Pro ou anti-vaccin : la polémique est relancée. Annoncée en juillet par la Ministre de la Santé, Agnès Buzyn, cette loi prévoit d’étendre l’obligation vaccinale aux huit vaccins jusque alors recommandés (coqueluche, rougeole, oreillons, rubéole, hépatite B, bactérie Haemophilus influenzae, pneumocoque, méningocoque C), en plus du classique DTP (diphtérie, tétanos, polio).

Cette mesure est-elle réellement nécessaire pour remédier à la défiance française ? Le pédiatre Eric Jeziorski et Céline Demeyer, vice-présidente d’Info-vaccins France, une association en faveur de la liberté vaccinale, nous répondent.

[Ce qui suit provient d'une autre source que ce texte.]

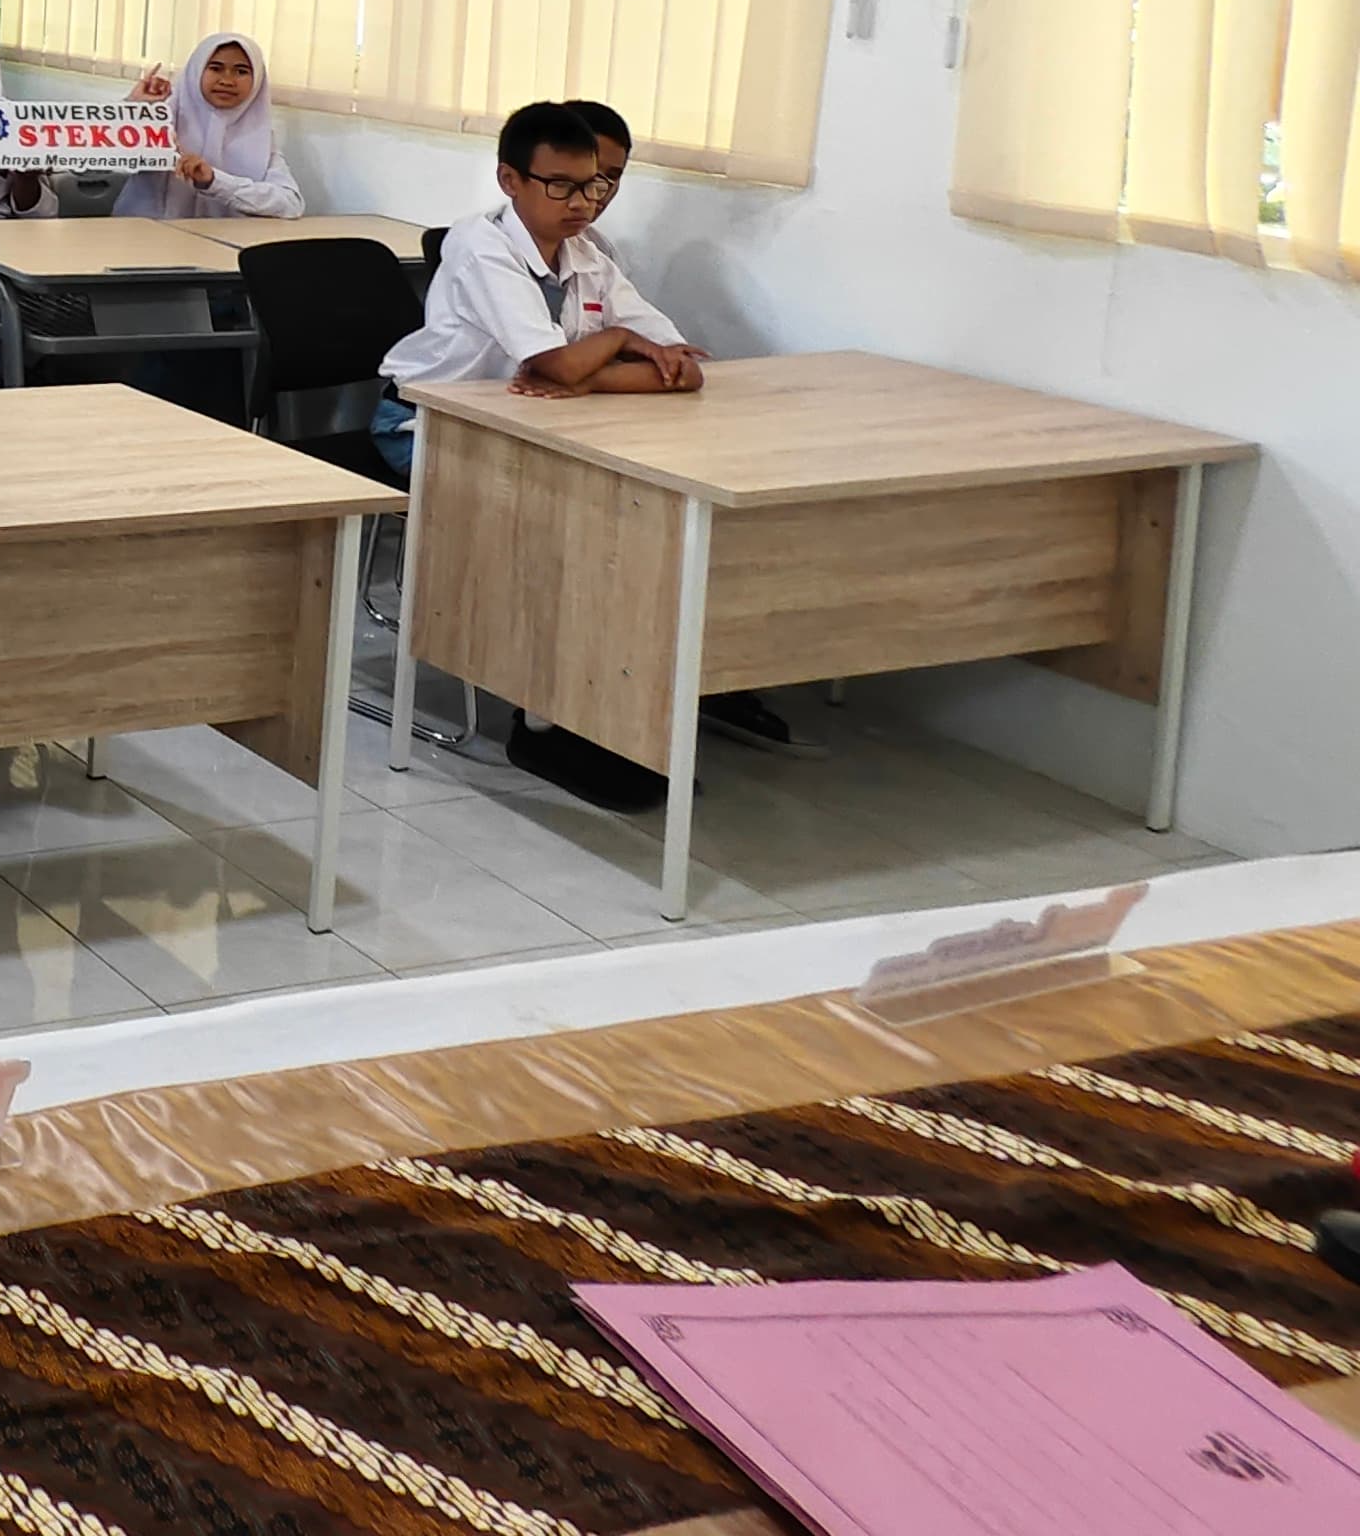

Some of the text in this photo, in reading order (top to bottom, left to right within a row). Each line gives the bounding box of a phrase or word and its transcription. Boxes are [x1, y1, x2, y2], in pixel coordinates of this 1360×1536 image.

POUR : « On parle trop des risques et pas assez des bénéfices »

Dr Eric Jeziorski, pédiatre au CHU de Montpellier

  • L’obligation vaccinale est-elle réellement nécessaire ?

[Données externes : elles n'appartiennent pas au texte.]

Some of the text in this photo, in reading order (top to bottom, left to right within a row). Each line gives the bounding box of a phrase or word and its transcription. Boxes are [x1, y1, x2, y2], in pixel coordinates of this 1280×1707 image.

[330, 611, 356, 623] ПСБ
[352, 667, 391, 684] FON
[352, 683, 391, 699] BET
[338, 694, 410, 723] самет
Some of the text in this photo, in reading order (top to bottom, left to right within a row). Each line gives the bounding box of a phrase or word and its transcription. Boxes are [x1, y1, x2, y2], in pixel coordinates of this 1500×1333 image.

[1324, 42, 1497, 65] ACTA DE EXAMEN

Oui, la population est insuffisamment protégée. Pour la rougeole, il faut que 95% de la population soit vaccinée pour stopper la propagation. Or, seulement 70% des français ont les deux doses de vaccins requises. En 2011, il y a eu le retour d’une épidémie de rougeole qui aurait pu être évitée grâce à la vaccination. Autre exemple, la polio n’a pas encore été éradiquée, les pays du nord de l’Europe qui ont retiré l’obligation ont vu des cas ressurgir. L’obligation ou la recommandation d’un vaccin n’est pas liée à la gravité la maladie.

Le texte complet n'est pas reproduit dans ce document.